The rest of the program will consist of Rounds, for piano and string orchestra, by Jessie Montgomery, the CSO’s Mead Composer-in-Residence. “I love her music,” Alsop said. “It really speaks to me.” The concerto will feature soloist Awadagin Pratt, who performed the work’s world premiere in March 2022 by the Hilton Head (S.C) Symphony and has been featured in all subsequent performances.

To round out the program, Alsop decided to present a piece by Anna Clyne, a previous CSO composer-in-residence. Although Alsop has led other works by the British-born Clyne, this will be her first outing with Midnight Hour (2015). “It’s a piece I have wanted to do for a while,” she said.

Providing what Alsop called a “thread of connection” between the three pieces are the shared ties to texts. The works by Clyne and Montgomery were inspired by poems, the latter drawing on imagery and themes from T.S. Eliot’s Four Quartets. Her Story pulls from multiple sources, including a letter written by Abigail Adams, as well as the words of those who have opposed women’s rights activists. 

Wolfe and Clyne are scheduled to attend the concerts, and Alsop is hoping that Montgomery will be able to take part as well. “I’m sure I’ll speak a bit about each piece or have the composers say a few words,” she said. 

“I enjoy working with them whenever and wherever.” — Marin Alsop on the Chicago Symphony Orchestra

Besides Zell Music Director Riccardo Muti, few conductors know the CSO better or have spent more time in front of the ensemble in recent years than Alsop. In 2018 and 2019, she served as curator of the Ravinia Festival’s celebration of Leonard Bernstein’s centennial, including a 14-concert tribute in the first season with the CSO front and center as the summer event’s longtime orchestra-in-residence. 

Earlier this year, she completed her second summer as Ravinia’s first-ever chief conductor and curator, a position that calls on her to spend three weeks each year with the CSO. In February, festival officials announced that her tenure had been extended through 2025, and it wouldn’t be surprising if it were augmented again. 
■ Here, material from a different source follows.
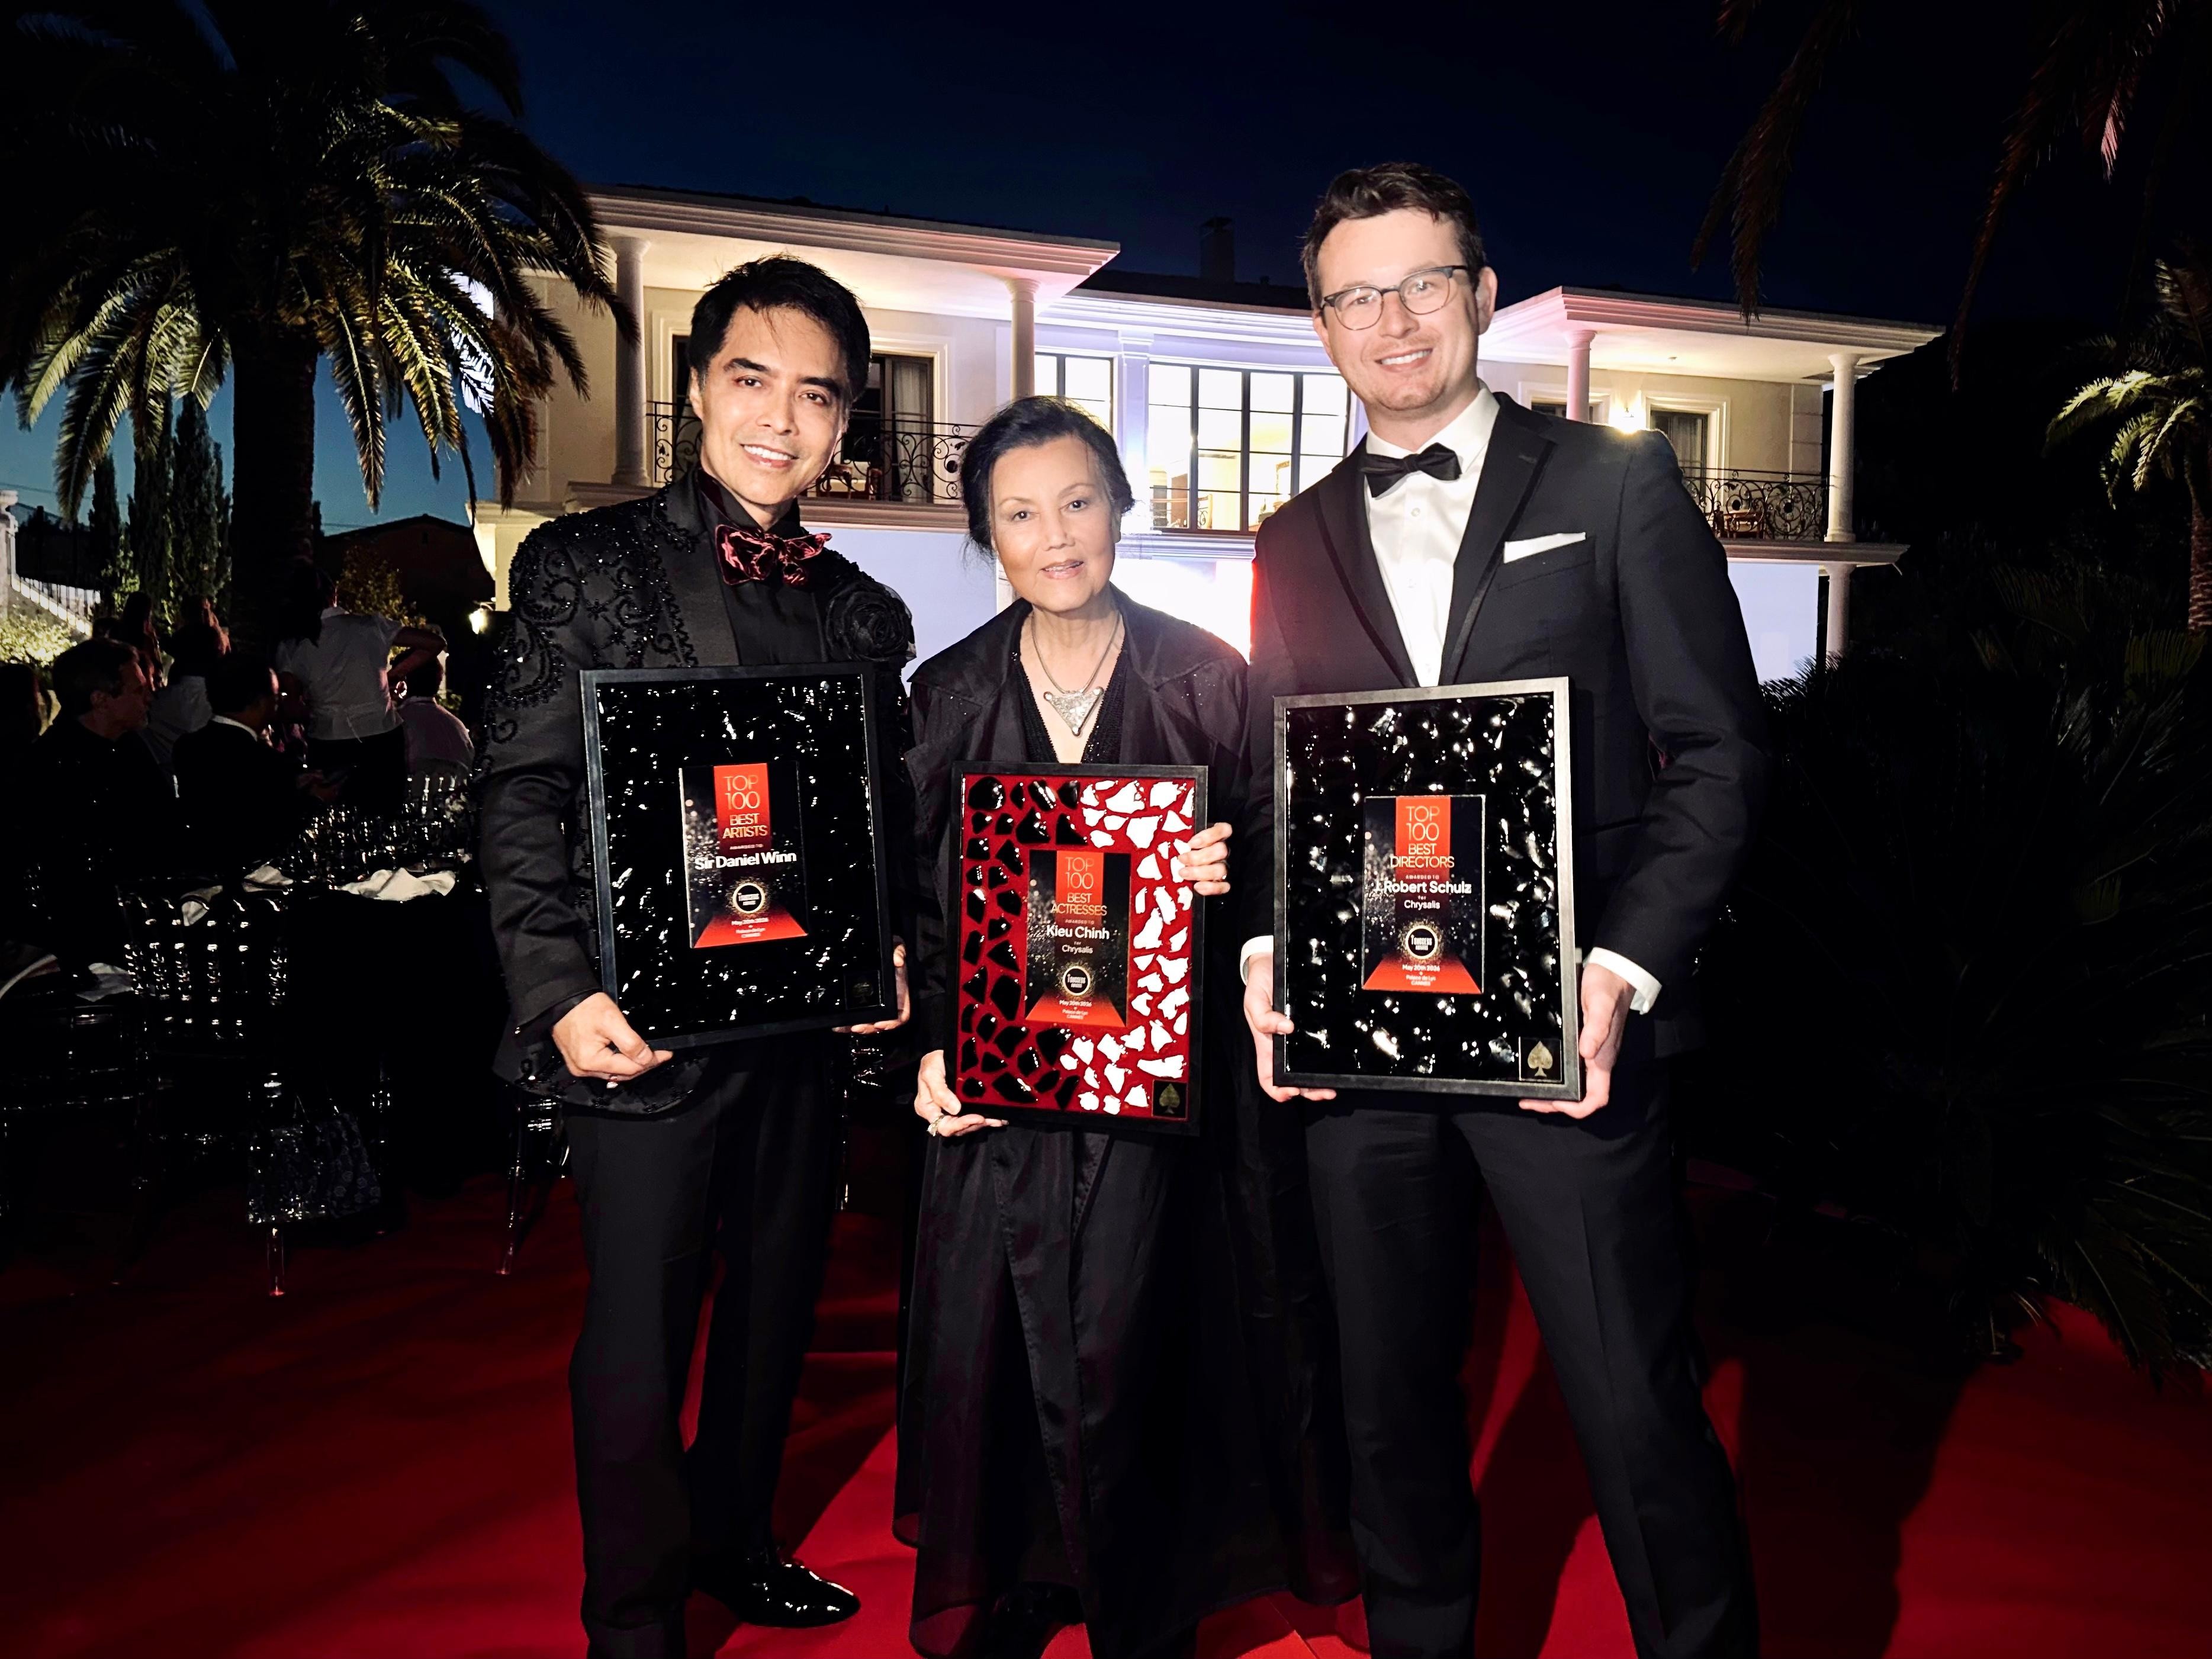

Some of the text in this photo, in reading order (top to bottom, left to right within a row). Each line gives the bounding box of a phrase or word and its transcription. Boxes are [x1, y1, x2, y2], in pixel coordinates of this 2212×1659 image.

“I love the orchestra,” Alsop said. “I don’t know the public downtown as I well I do at Ravinia. But I love the people at Ravinia — fantastic audiences and supporters. I think it’s going great.”

She likes to program newer and sometimes more experimental works with the CSO at Ravinia, and she has found the musicians to be receptive. “They seem interested and curious,” she said. “They were so cool when we did the [Bernstein] Mass the first time and then the second time.”
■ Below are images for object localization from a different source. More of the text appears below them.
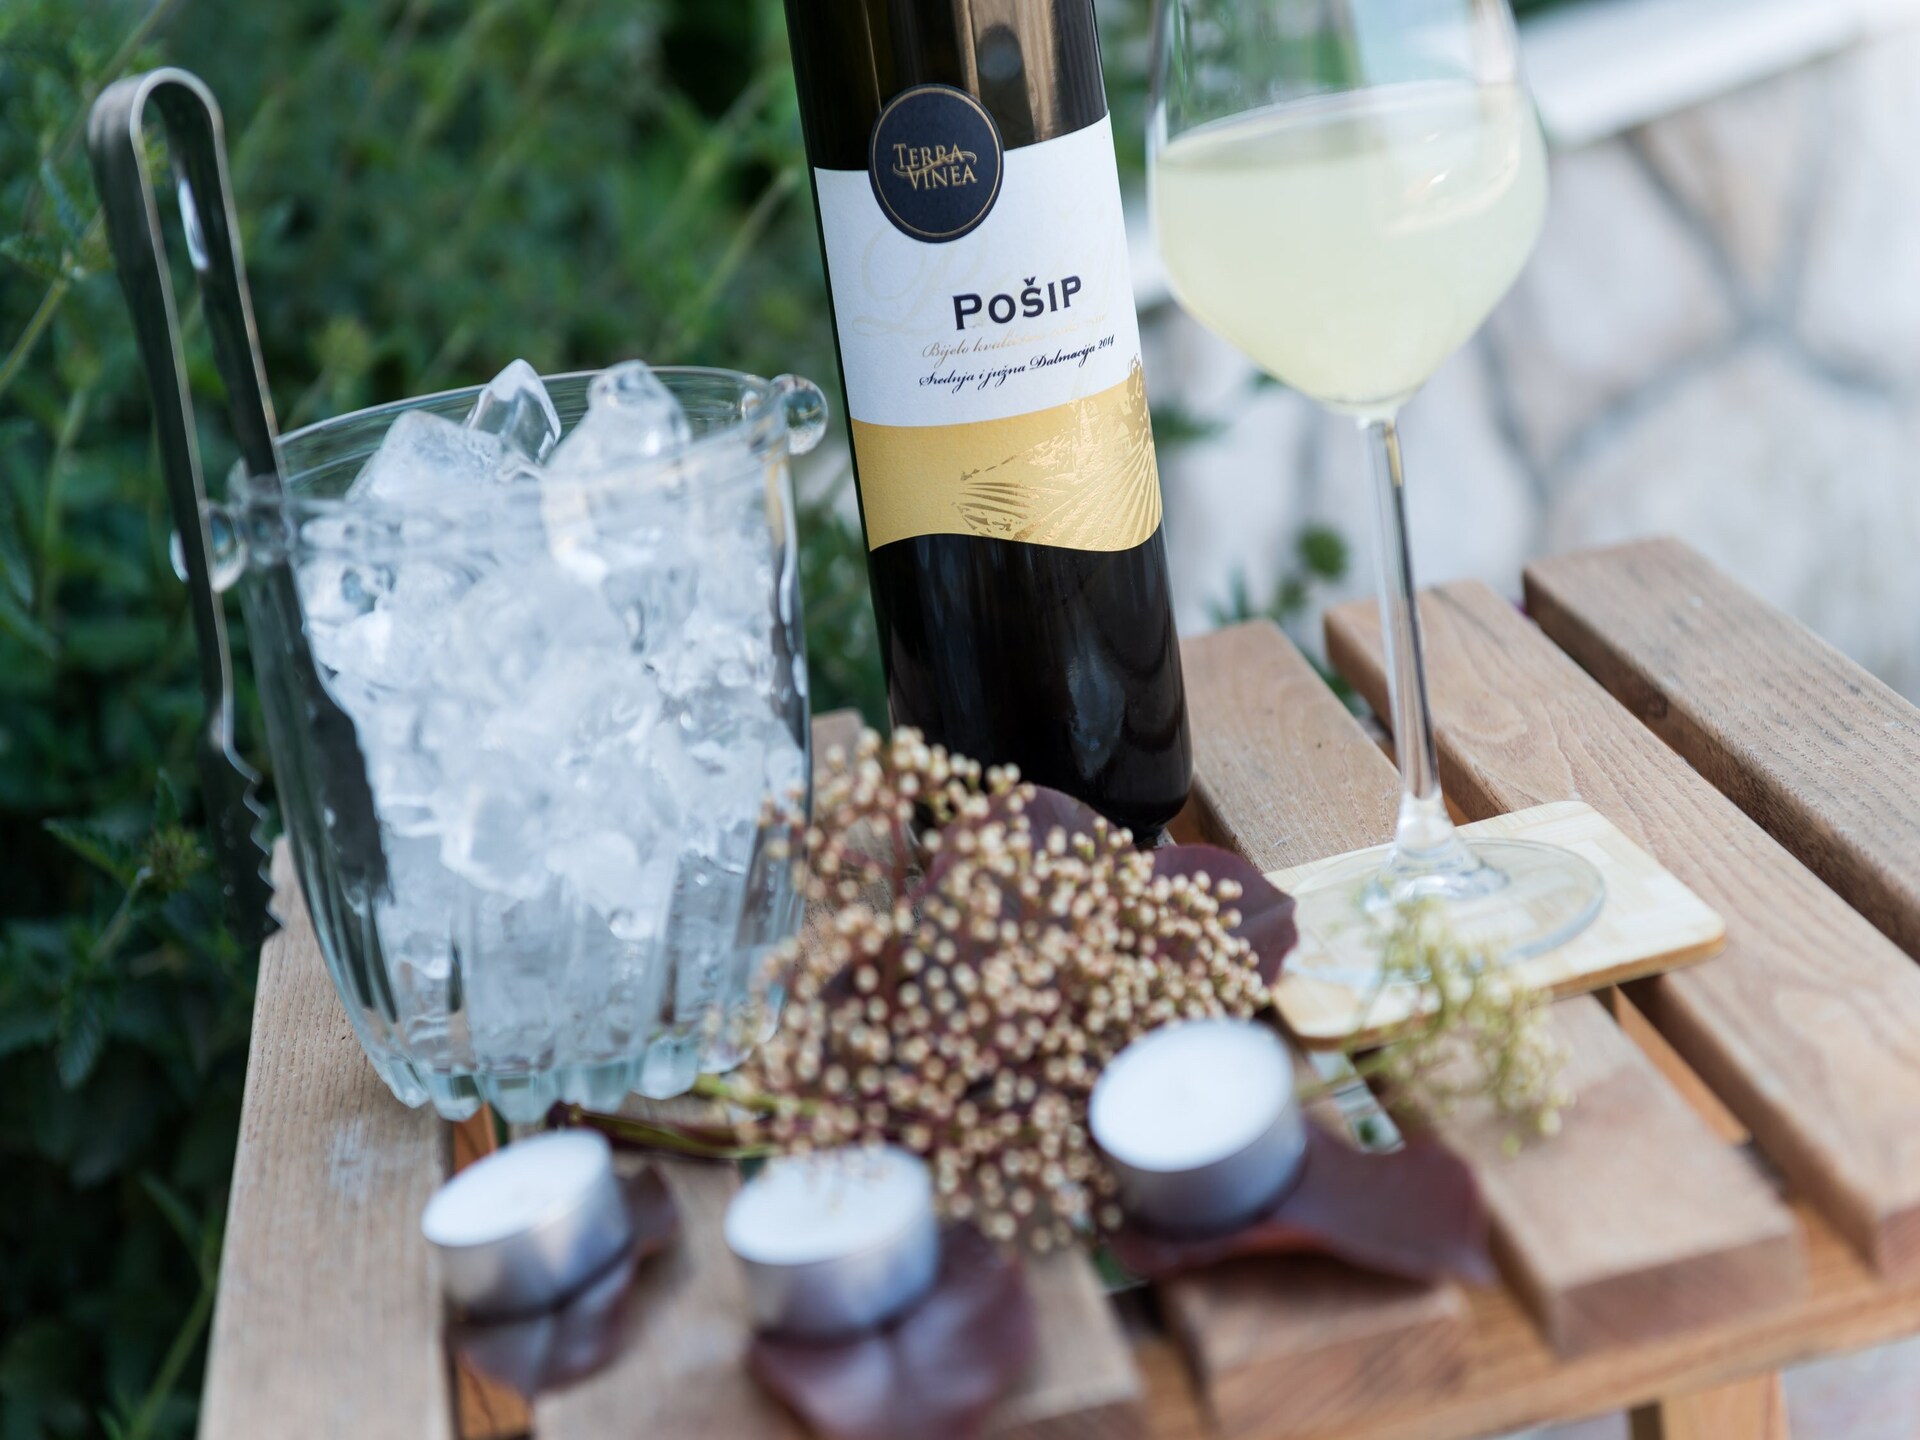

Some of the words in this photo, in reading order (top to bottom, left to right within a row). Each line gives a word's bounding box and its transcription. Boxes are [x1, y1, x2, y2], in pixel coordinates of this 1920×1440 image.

[893, 142, 965, 169] TERRA
[906, 164, 977, 190] VINEA
[953, 276, 1082, 330] POŠIP
[922, 338, 969, 368] Bijelo
[919, 369, 975, 394] Srednja
[977, 365, 1026, 391] južna
[1029, 343, 1096, 370] Dalmacija
Although Alsop cannot yet talk about what she has planned at Ravinia for 2023, she promises another exciting season. “We’re just trying to keep that buzz and momentum going,” she said. In the meantime, she is looking forward to leading the CSO in January. “I enjoy working with them whenever and wherever,” she said. 

In addition to her Ravinia post and a teaching position at the Peabody Institute in Baltimore, Alsop is in her fourth year as chief conductor of the ORF Vienna Radio Symphony Orchestra, one of the three major orchestras in the Austrian capital. “I love the orchestra. I love the city. I love the audience. It’s really rewarding artistically and musically.” Like her Ravinia post, her music directorship there was extended through 2025.
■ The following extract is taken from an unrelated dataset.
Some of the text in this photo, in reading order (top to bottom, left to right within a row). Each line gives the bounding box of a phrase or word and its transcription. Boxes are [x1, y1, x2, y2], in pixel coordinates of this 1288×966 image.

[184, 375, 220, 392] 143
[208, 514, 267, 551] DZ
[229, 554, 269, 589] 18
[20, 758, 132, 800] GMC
Alsop wondered if it would feel intimidating to work in a city where some of classical music’s greatest figures have lived, worked and scored some of their biggest successes, but the opposite has occurred. “It feels much more embracing in a way,” she said. “For me to conduct at the Musikverein, where I watched so many of Lenny’s videos of all the Mahler symphonies, to be standing in the same spot, it’s really moving to me.” 

Alsop and her partner have an apartment in Vienna, and she tries to enjoy the city as much as she can when she isn’t working. “It’s nice, because it’s very homey,” she said of their pied-à-terre. “We’ve furnished and equipped it, and I have a lot of my own stuff there, and so it’s great.”